Michel Serres dans le métro

Michel Serres en dédicace à la librairie Le Failler à Rennes le 15 février 2011. Photo : Pymouss.

« Le trafic est interrompu sur la ligne 3 entre République et Opéra suite au malaise d’un voyageur nécessitant l’intervention des secours. »

« … sur la ligne 6, suite à la découverte d’un colis abandonné. Les services de sécurité sont en cours d’intervention. »

« Sur la ligne 1, un dégagement de fumée nécessite l’intervention des pompiers. »

Suivant le flot des passagers, je remonte dans la rue pour continuer mon chemin à pied en espérant trouver à proximité une autre ligne et des correspondances praticables. Vingt minutes plus tard, j’embarque dans un nouveau métro qui file sans encombre vers ma destination.

Une tache de couleur, rose saumon, attire mon attention. C’est la chaude casquette d’un vieil homme qui sommeille. Ses sourcils blancs et broussailleux me semblent si familiers que j’en viens presque aussitôt à supposer que je suis en présence de Michel Serres. Je me déplace pour mieux le détailler, j’hésite encore : il paraît plus maigre que dans mon souvenir. Mais lorsqu’il ouvre les yeux, je n’ai plus aucun doute : il s’agit bien de Michel Serres.
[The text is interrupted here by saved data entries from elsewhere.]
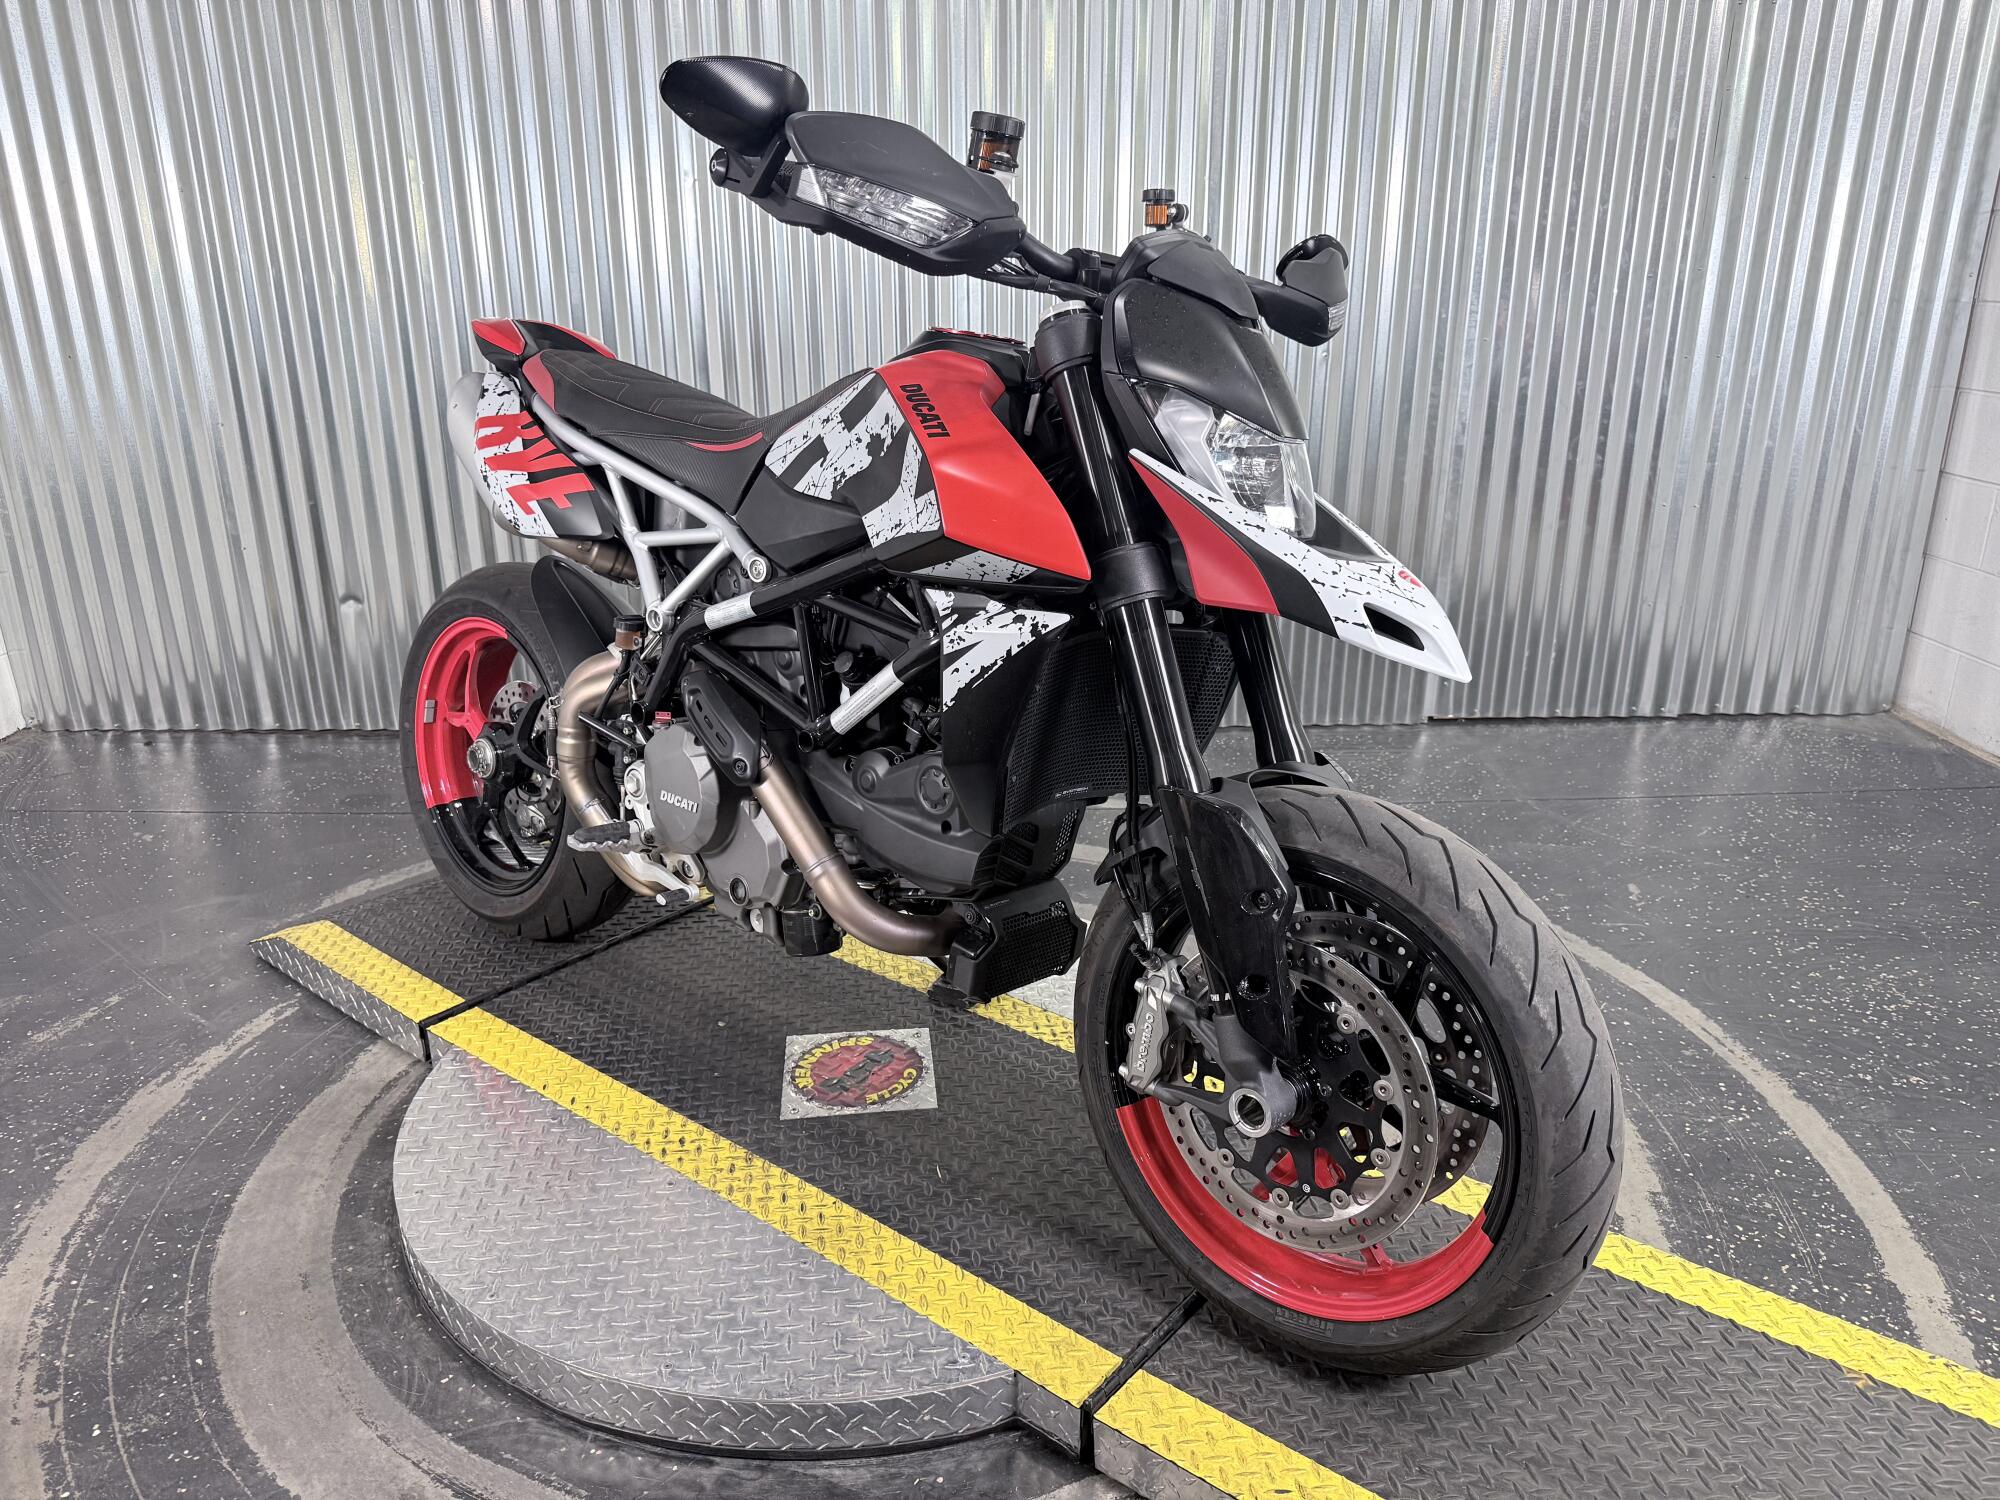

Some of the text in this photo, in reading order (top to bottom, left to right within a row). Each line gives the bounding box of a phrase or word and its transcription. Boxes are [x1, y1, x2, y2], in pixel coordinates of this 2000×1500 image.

[900, 383, 951, 438] DUCATI
[660, 789, 699, 814] DUCATI
[793, 1036, 875, 1089] SPINNER
[1134, 1012, 1155, 1072] brembo
[865, 1067, 918, 1104] CYCLE
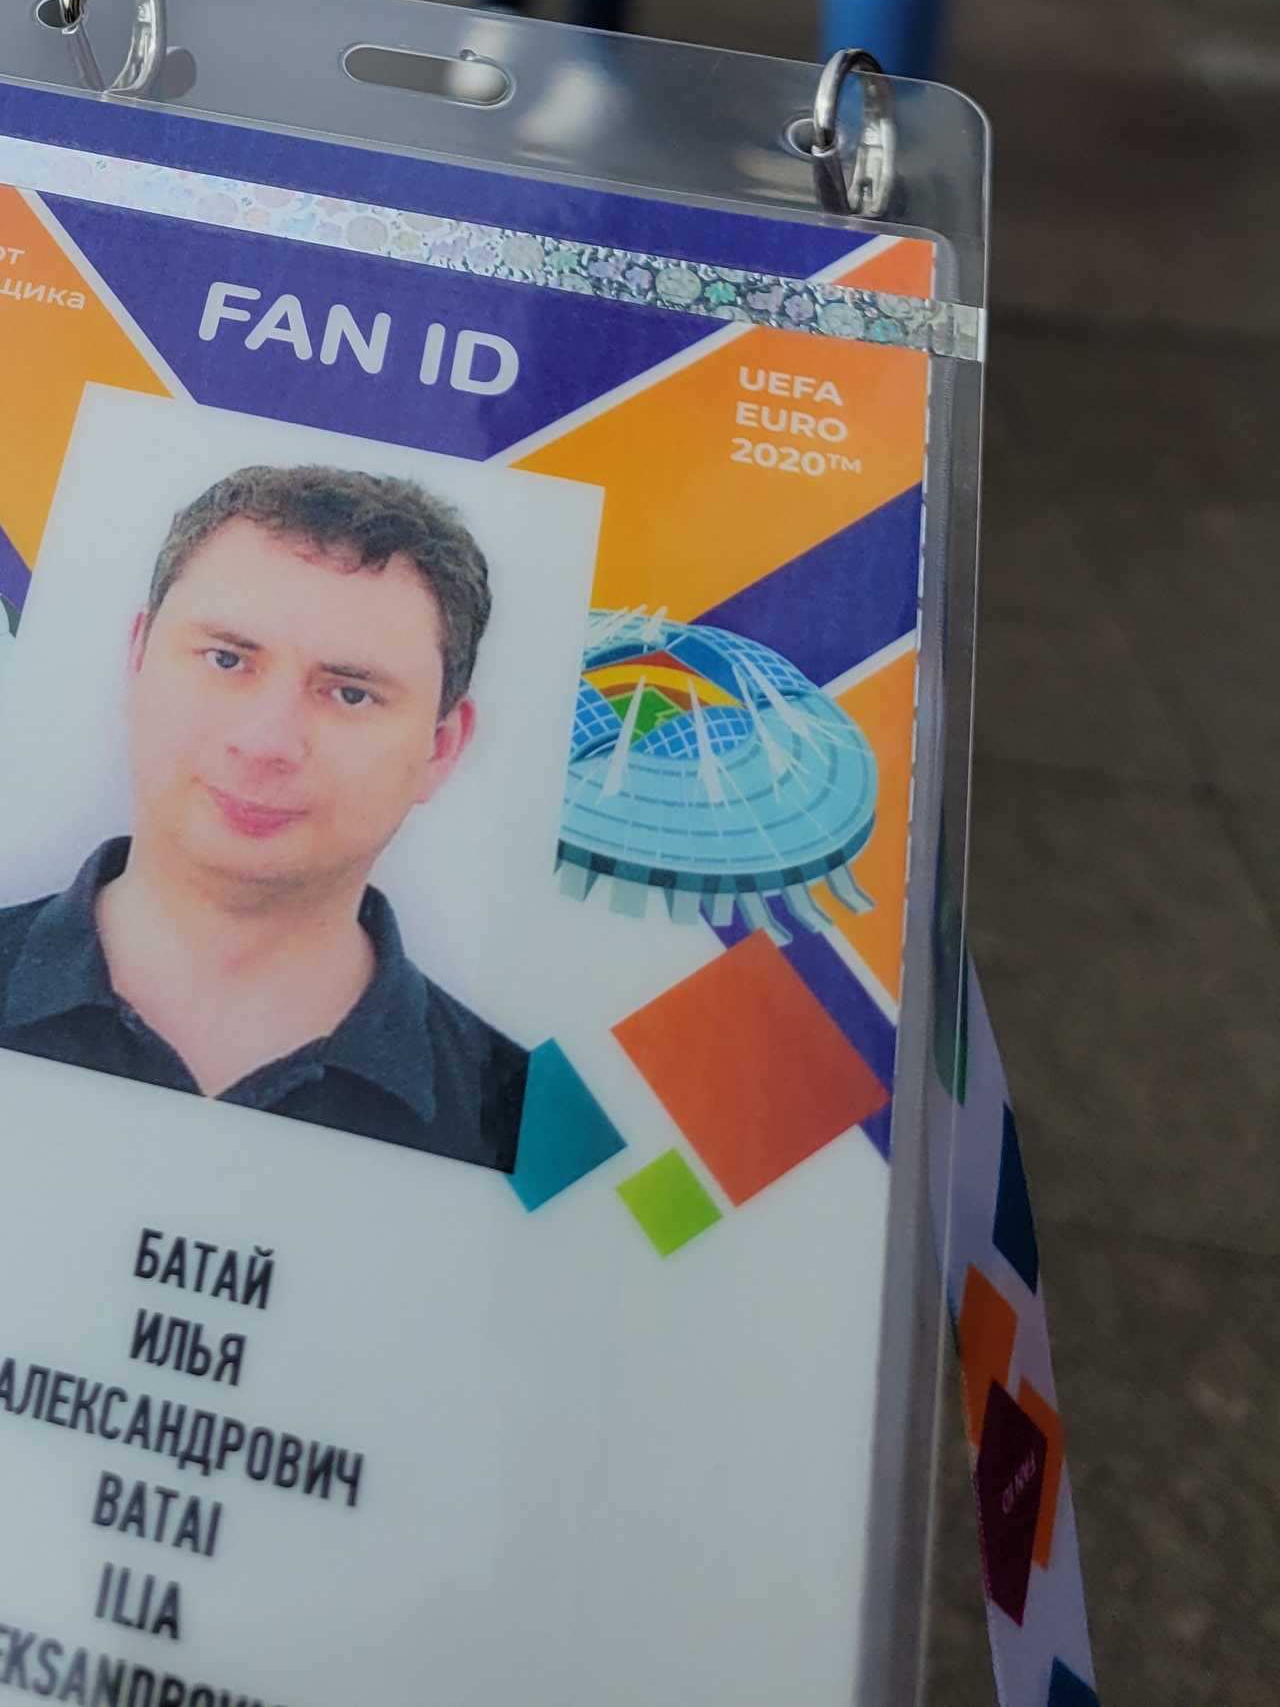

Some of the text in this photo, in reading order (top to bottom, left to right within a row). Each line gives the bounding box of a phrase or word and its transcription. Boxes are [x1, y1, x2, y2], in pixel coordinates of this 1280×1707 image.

[197, 280, 519, 397] FAN ID
[734, 401, 849, 445] EURO
[737, 365, 844, 409] UEFA
[132, 1227, 275, 1310] БАТАЙ
[129, 1307, 247, 1387] ИЛЬЯ
[91, 1469, 223, 1557] BATAI
[94, 1561, 181, 1640] ILIA
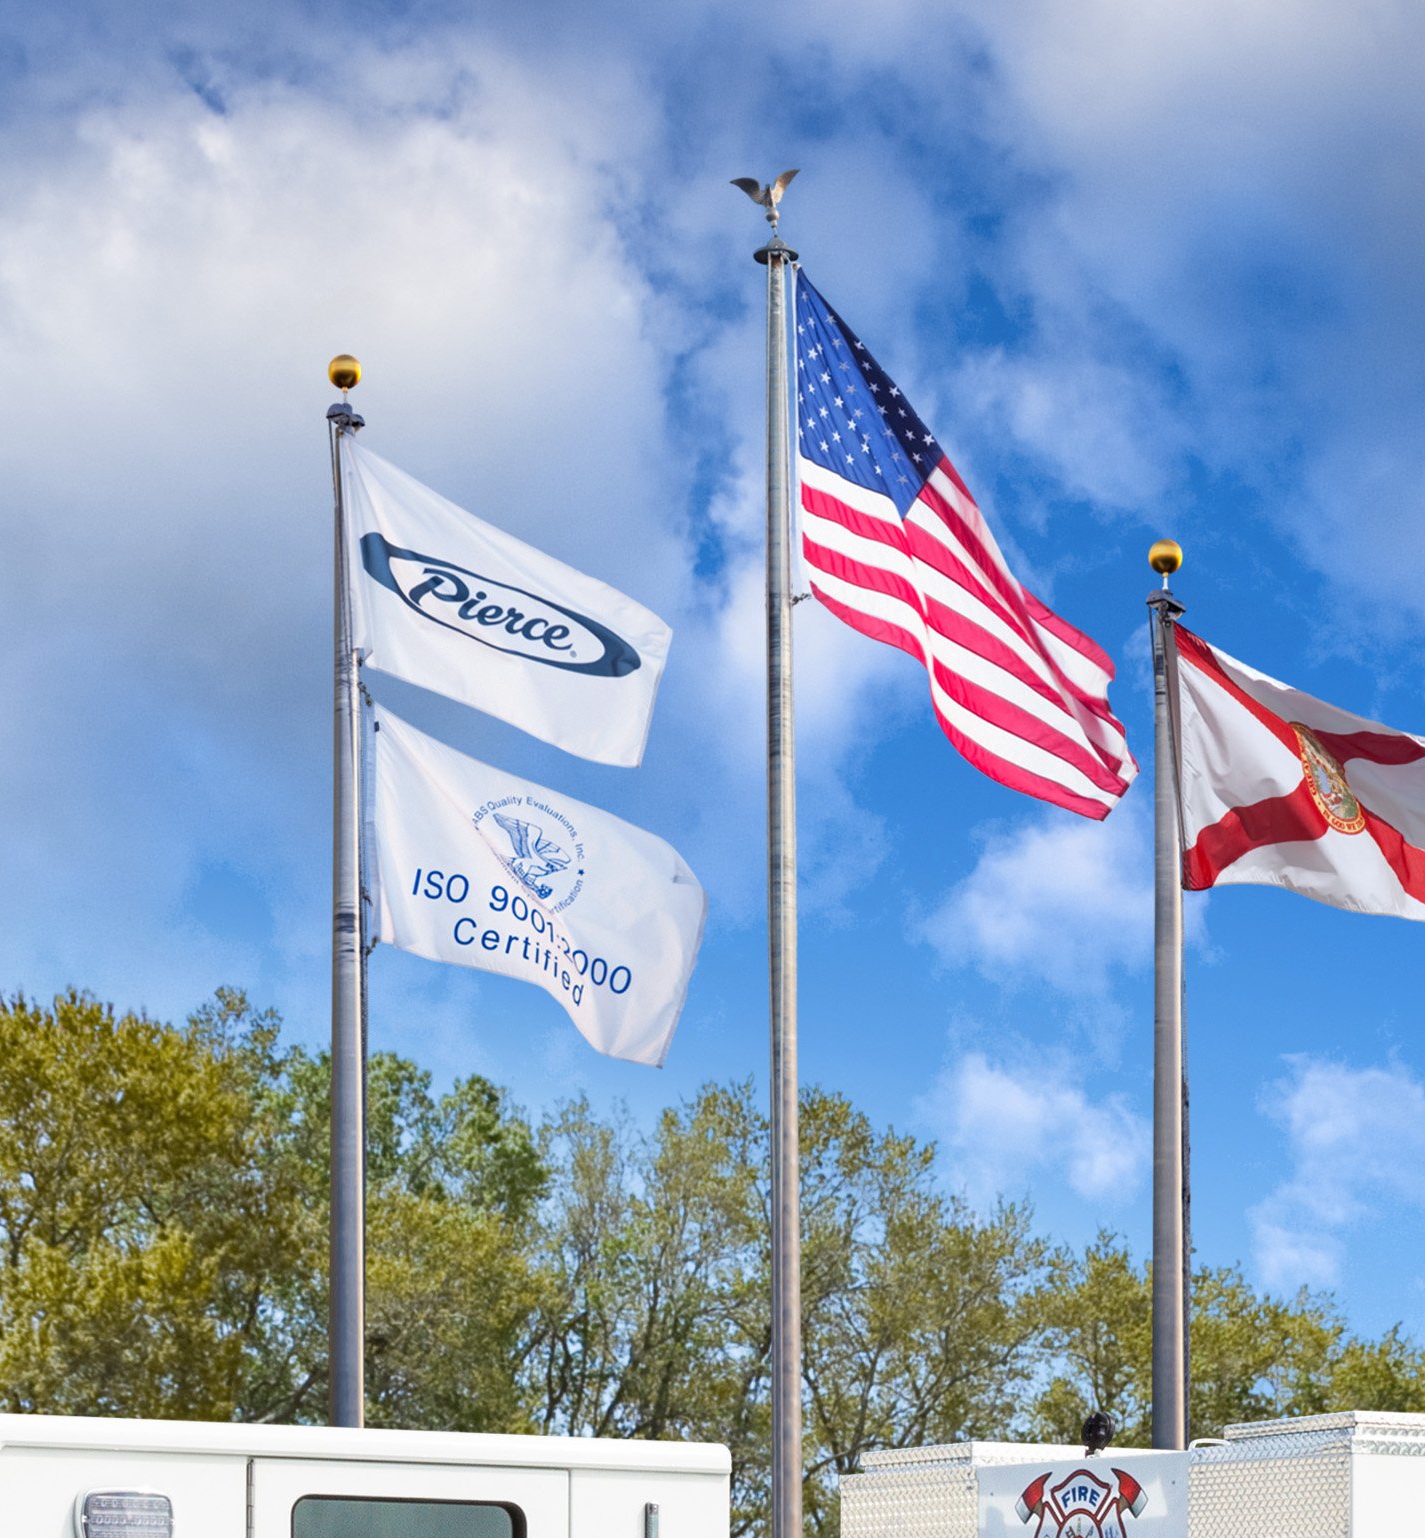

J’en suis reconnaissant à l’itinéraire de raccroc qui m’a conduit dans cette rame de métro que je n’aurais pas dû prendre. Michel Serres est pour moi le synonyme vivant d’une pensée heureuse, la combinaison réjouissante du bonheur de vivre et du bonheur de pensée, servis par une longévité et une vivacité qui font plaisir à voir.

Ce matin, cependant, il lutte difficilement contre le sommeil. Ses yeux s’ouvrent lourdement pour se refermer presque aussitôt, relayés par des bâillements qu’il ne cherche pas à masquer. Lorsqu’il parvient à les maintenir ouverts quelques instants, il promène sur son environnement un regard las, vide, incolore comme si ses yeux n’avaient plus de pupilles ni d’iris ; un regard transparent qui ne retiendrait pas la lumière. Nous sommes loin du pétillement que l’on remarque sur son visage lorsqu’il formule sa pensée en public avec sa faconde méridionale, son appétit des mots et son sens des images.

Ici, dans ce métro, je le vois en creux, comme le squelette, l’ossature de lui-même. Je perçois surtout sa résistance opiniâtre pour ne pas lâcher prise. Quelle volonté ne faut-il pas, quelle détermination, quelle obstination pour rester en alerte, pour que le cœur et l’esprit conservent leur envie et continuent à rayonner leur joie. On croit que la vitalité est naturelle alors que, l’âge venu, elle repose sur un énorme déploiement d’efforts.

Aujourd’hui, j’ai vu Michel Serres dans sa lutte pour rester à flot et j’envie ceux qui, dans quelques minutes ou quelques heures, demain peut-être, le verront souriant, facile, déconcertant de jeunesse en dépit de ses 85 ans, eux qui n’auront aucune idée des marges grises par lesquelles il vient de passer pour leur servir ce visage rayonnant. J’ai envie de le remercier pour cet aperçu de sa fragilité, qui le ferait presque passer pour un ordinaire vieillard condamné à vivre au ralenti. Mais non, c’est bien lui, même dans ces instants d’abandon. La meilleure preuve ? Sa casquette rose saumon qui chatoie dans la grisaille du métro.